The Man Who Owns Movies in a Streaming World
Posted by Joey on May. 14th, 2025
I went to meet Jake expecting to talk about DVDs. Maybe a few Blu-rays. What I didn’t expect was to leave his house thinking differently about movies, freedom, and the quiet thrill of physical ownership.
Jake doesn’t use Netflix. Or Hulu. Or Disney+, Max, Prime, or any of the big-name platforms. Instead, Jake owns hundreds of movies, on DVD, Blu-ray, and a respectable collection of VHS tapes. Rows of them line the walls, The Godfather, Jurassic Park, The Dark Knight, The Matrix, Interstellar, and every Disney princess movie from The Little Mermaid to Moana for his kids. It feels like a personal video store built with care and love.
When I asked why he skips streaming, Jake gave the answer you’d expect first: money. “Ten bucks here, fifteen there, every month, every year, forever,” he said. “It never ends.” And he’s not wrong.
Netflix: $15.49/month
Hulu (ad-free): $17.99/month
Disney+: $13.99/month
Max (ad-free): $15.99/month
Amazon Prime Video: $8.99/month
Apple TV+: $9.99/month
Peacock (ad-free): $11.99/month
Altogether, that’s over $90 a month, more than $1,000 a year.
But when I asked if there was another reason, something beyond cost, Jake paused. He looked at the walls lined with his favorite movies and shrugged. “Honestly? I just like knowing it’s mine,” he said. “Nobody can mess with it, take it down, or change it. It’s right here whenever I want.”
He pulled out his original Star Wars VHS tapes. “Han shot first,” he said, grinning. “And I’ve got the version that proves it.”

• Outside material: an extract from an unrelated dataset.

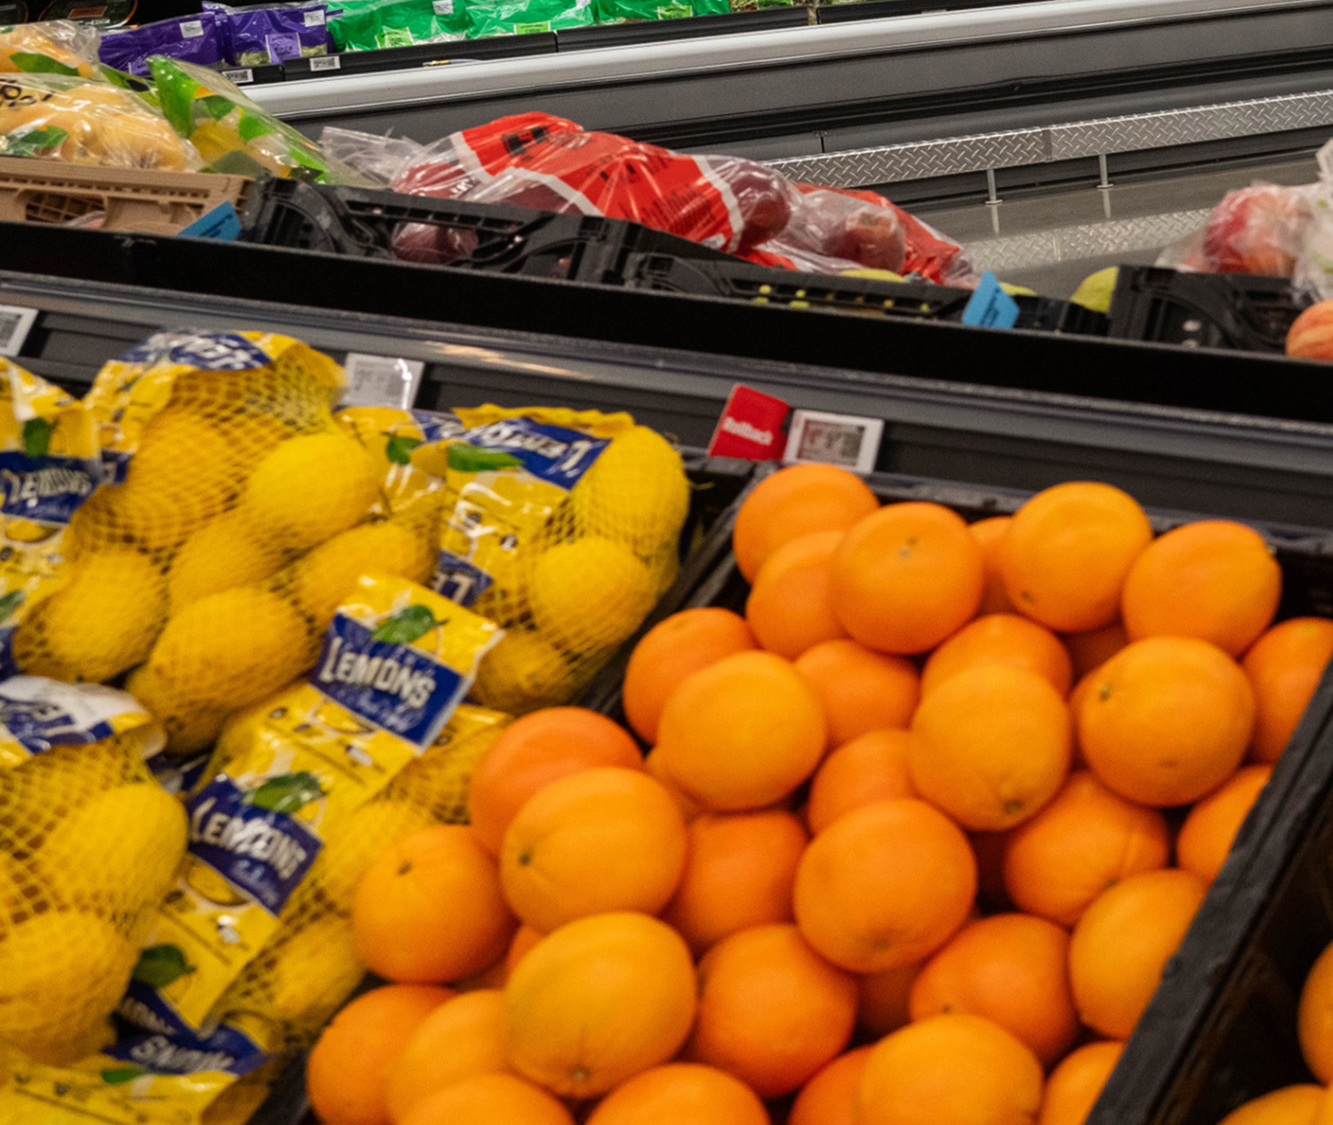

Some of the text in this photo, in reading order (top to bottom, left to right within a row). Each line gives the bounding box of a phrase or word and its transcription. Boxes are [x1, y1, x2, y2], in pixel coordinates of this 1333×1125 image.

He’s not alone in caring about these kinds of details. Over the years, some of the most well-known movies have had their original versions changed. In E.T., the FBI agents’ guns were digitally replaced with walkie-talkies. Toy Story 2 removed a blooper reel joke involving a casting couch. The French Connection had a key scene quietly removed on streaming platforms. Even Back to the Future Part II was briefly altered in a way that surprised longtime fans.
“These movies were made for a time and a place,” Jake said. “I want the real version, the one I remember, the one that made an impact.”
Interstellar director Christopher Nolan once said, “There is a danger with the move away from physical media… If you buy a 4K UHD Blu-ray, that’s yours. No company is going to be able to take it away from you.”
And Quentin Tarantino added, “I’m not on the cloud. I don’t trust the cloud. I want my stuff in my own house. I want to pull it off the shelf.”
Jake’s collection goes beyond personal nostalgia. “When people come over,” he said, “they light up when they see the wall. They point to a movie they forgot they loved. Or one they’ve never heard of but suddenly want to watch. That kind of spark is what it’s all about.”
There’s something deeply satisfying about it all. The click of a DVD case. The whir of a VHS rewinding. The artwork. The feeling of picking out something you’re excited to experience again.
Jake’s library is more than a collection, it’s a conversation starter. A connection to the past. A reminder of why movies matter.
That’s exactly why we started carrying movies at DKOldies. Just like with retro games, we know how important the original versions are. They hold real memories. They preserve history. They connect generations. You can build your own shelf, your own spark, your own story.
Jake gets it. And thanks to collectors like him, more people are remembering how good it feels to truly own what they love.